The opposition has proposed an amendment to the bill. However, it appears to be the same as or similar to the statement that Senators Bolkus and McKiernan proposed in the amendment to the bill in their minority report in 1997. I reiterate the comments I made at that time, which are still relevant. The proposed amendment will create only more uncertainty and not remove it, as is claimed. To the extent that it actively encourages the courts to develop the common law on the basis of treaties, it will serve only to undermine the role of this parliament in legislating to give effect to treaties even further. In this respect, it should be noted that the amendment contemplates that the whole of the substance of a treaty could have effect by operation of the common law. This would have obvious consequences for the balance between the proper roles of the parliament, the executive and the judiciary. The amendment also fails to recognise that there are degrees of incorporation of international law in Australian law by statute. Giving international instruments the force of domestic law is but one of them. In addition, the wording of the principle as proposed by the opposition is totally unsuited for inclusion as an operative clause in the statute. Finally, it may have the effect of entrenching the operation of the Teoh doctrine—that is, it could give the exact opposite effect to the bill as introduced by the government.

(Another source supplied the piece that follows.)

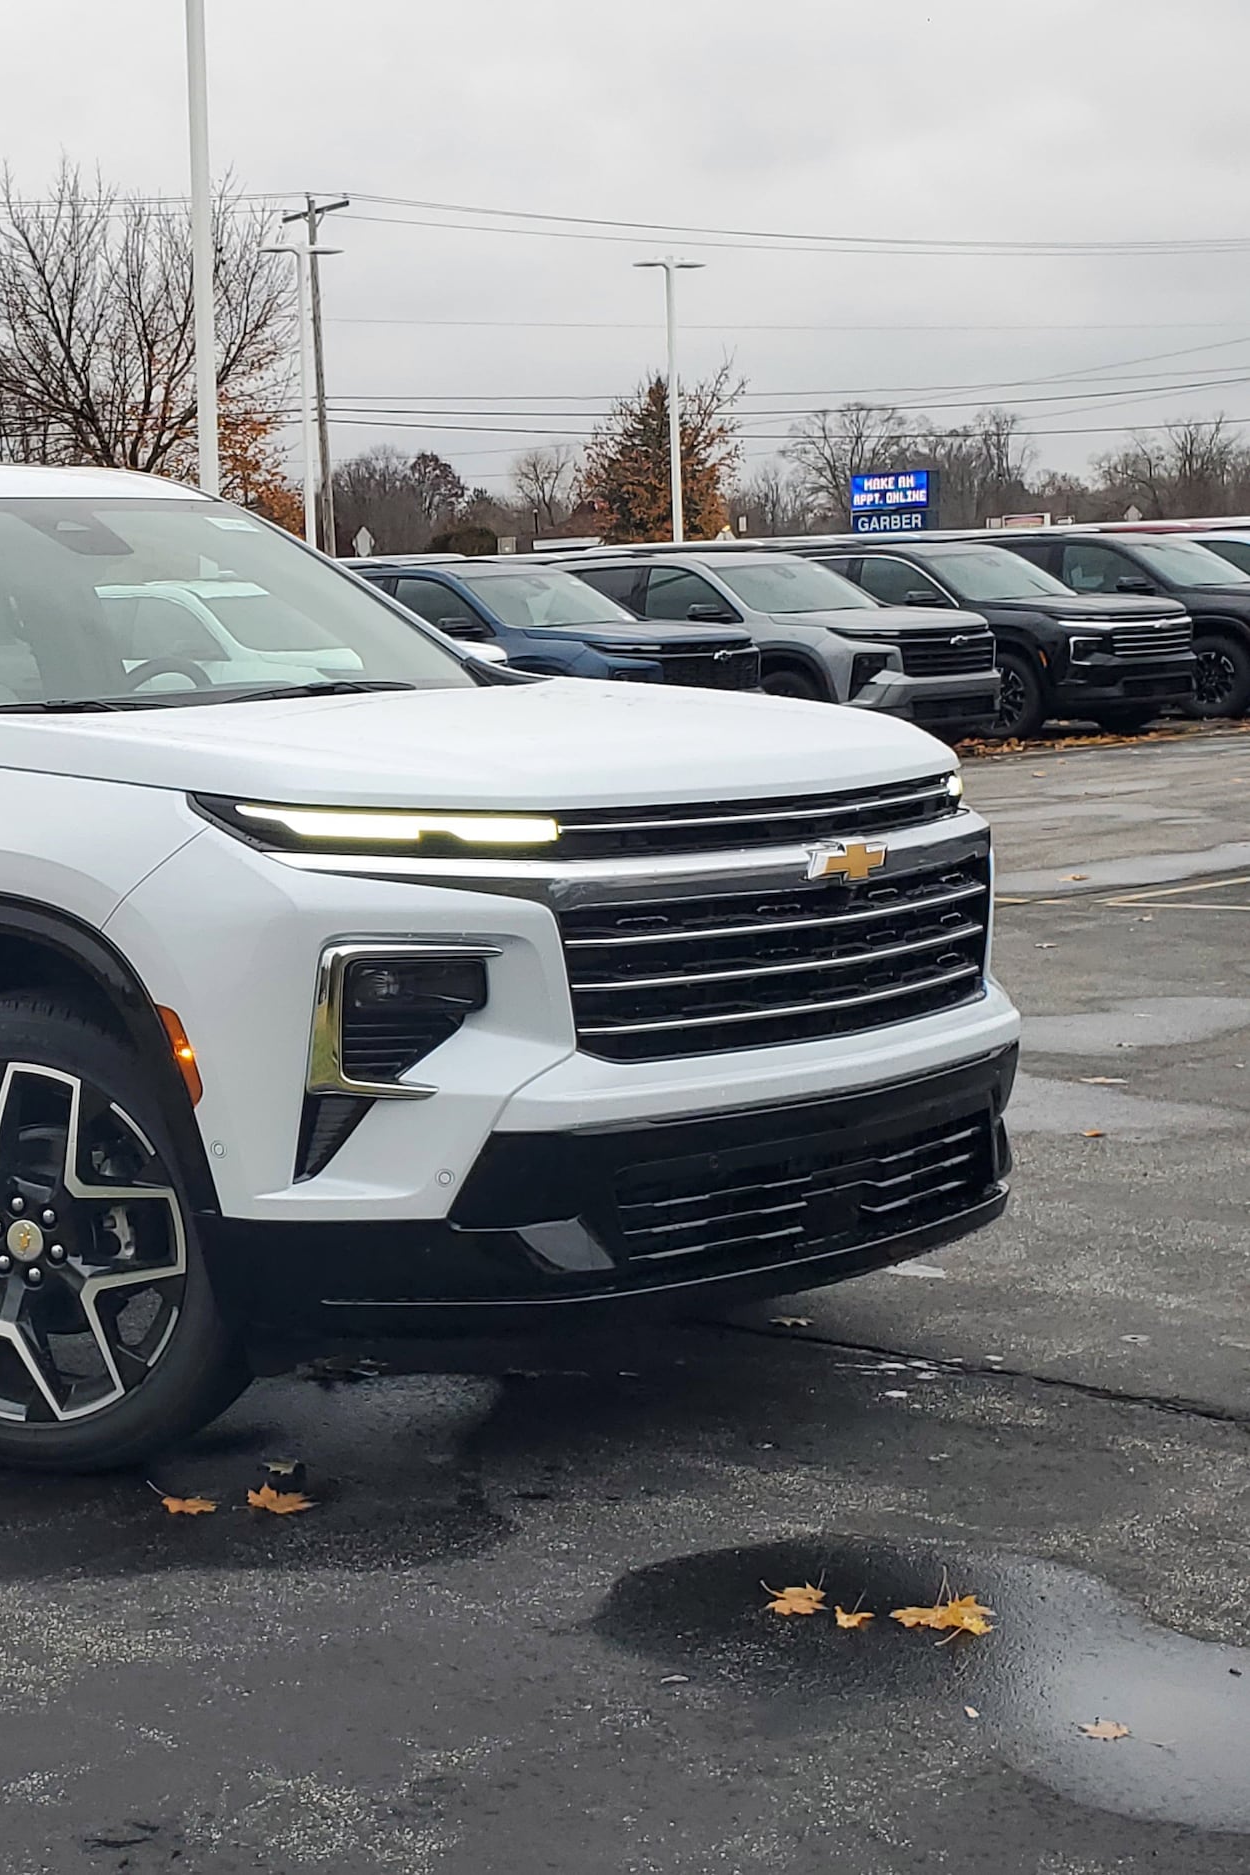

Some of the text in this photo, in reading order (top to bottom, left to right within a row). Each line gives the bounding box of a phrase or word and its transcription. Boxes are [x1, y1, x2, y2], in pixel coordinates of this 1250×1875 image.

In summary, the amendment proposed by the opposition would create uncertainty rather than resolve it. It would entrench the Teoh doctrine rather than set it aside. It would serve to further undermine the proper role of the parliament rather than reinforce it. This bill is of great importance in stemming the tide of illegal immigration to Australia, a subject addressed by the member for Fowler. Many cases involving the application of the decision in Teoh—indeed the Teoh decision itself—involve attempts by persons whose presence in Australia is unlawful to delay their removal from Australia. The opposition's inconsistency on this bill smacks of hypocrisy of the highest order. The opposition supports the government's efforts to control the latest wave of unlawful entrants into Australia, yet by opposing the swift passage of this bill as introduced, as the opposition has done, the opposition ensures that those who do arrive and remain in Australia illegally will continue to be able to frustrate the government's efforts to remove them. I take some heart from the fact that the opposition has clearly understood the need for this bill in the past. I hope that it will abandon its latest hypocritical and politically opportunistic position on the bill and support its passage in its current form. I look forward to the passage of the bill.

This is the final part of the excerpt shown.